Received 13 April 2008; revised 27 December 2008; accepted 20 January 2009

Code Number: st09021

ABSTRACT

Biofouling is the undesirable accumulation of microorganisms, plants, algae and animals on submerged structures especially ship hulls. Biofouling also occurs on the surface of living marine organisms. It is also found on membrane systems such as membrane bioreactors and reverse osmosis spiral wound membranes. In the same manner, it is found in cooling water cycles of large industrial equipments and power stations. In the present study, totally 11 isolates were obtained from three ships from Royapuram harbour, Chennai, Tamil Nadu, India.
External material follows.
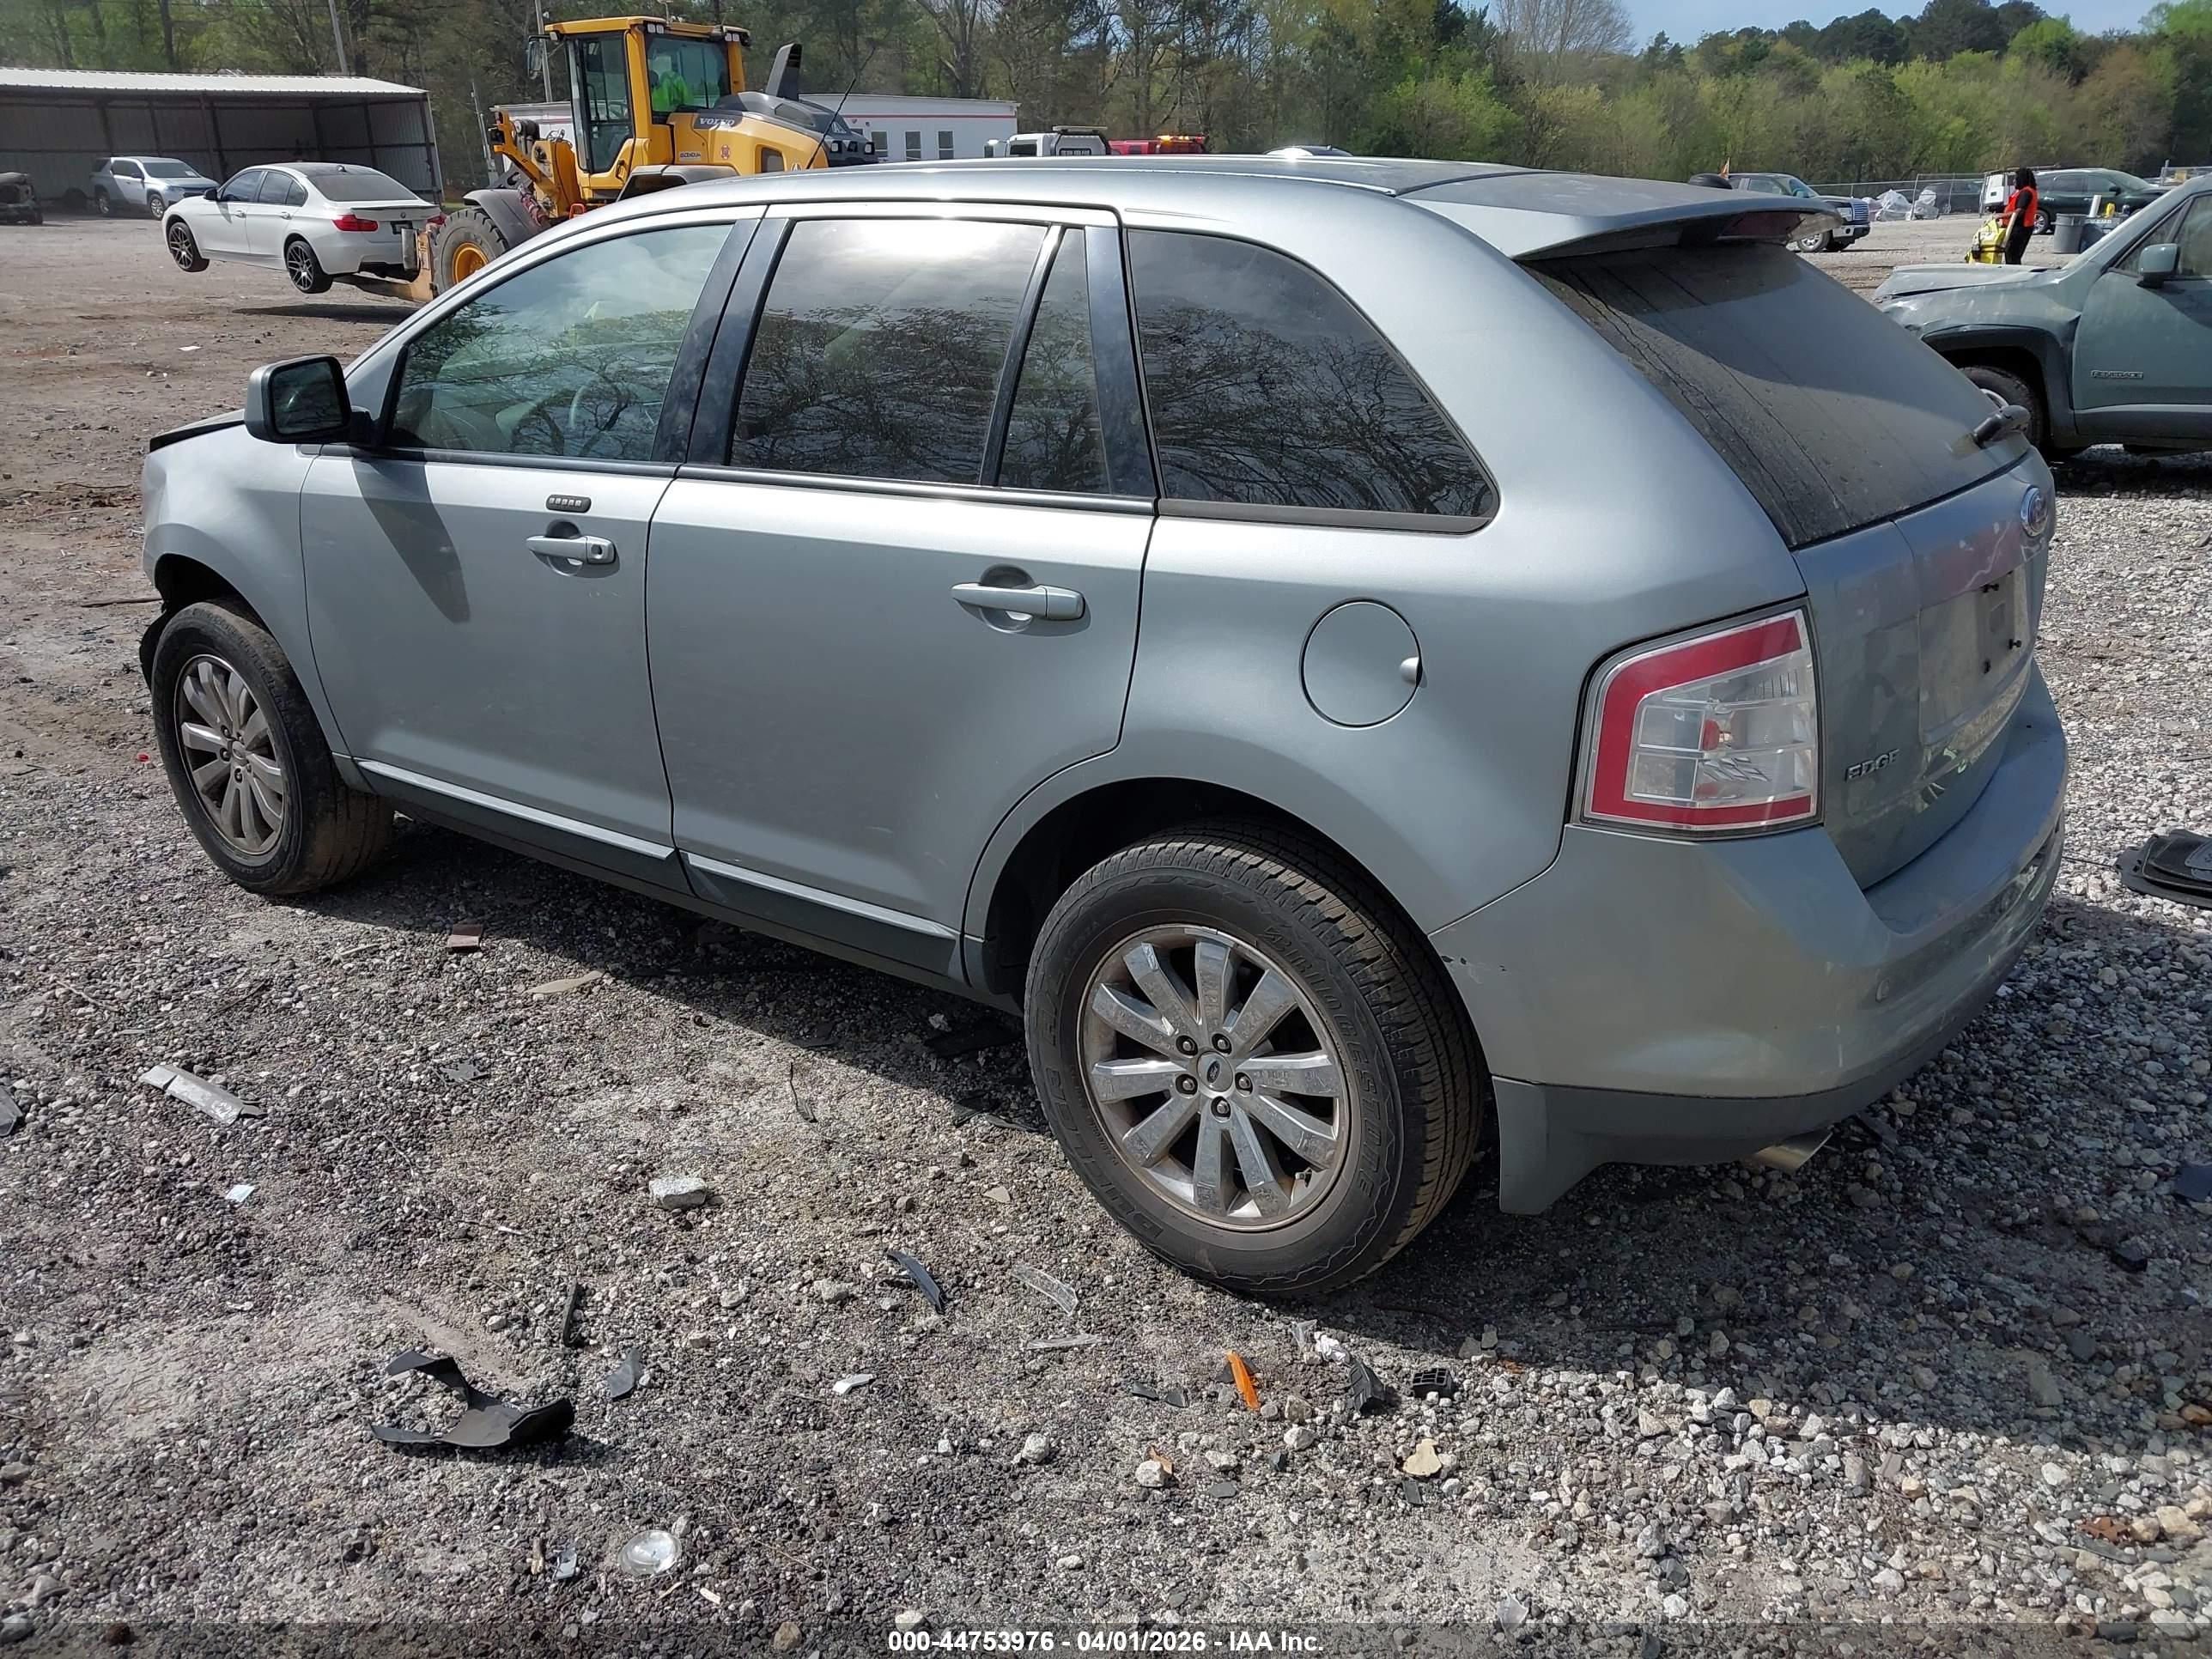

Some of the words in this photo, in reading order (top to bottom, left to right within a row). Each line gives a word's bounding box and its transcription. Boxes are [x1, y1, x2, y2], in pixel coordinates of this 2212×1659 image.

Among the 11 isolates only DR4 showed maximum biofouling activity in the microtiter plate assay with a significant optical density of 0.596. Also an attempt was made to characterize the different biofouling bacterial isolates analyzing their morphological, biochemical and molecular characteristics. The results of the present study based on the above characteristics revealed that the isolate DR4 was similar to Bacillus sp. This study also highlights the need for a safe and natural antifouling agent to control the biofouling bacteria in the marine environment.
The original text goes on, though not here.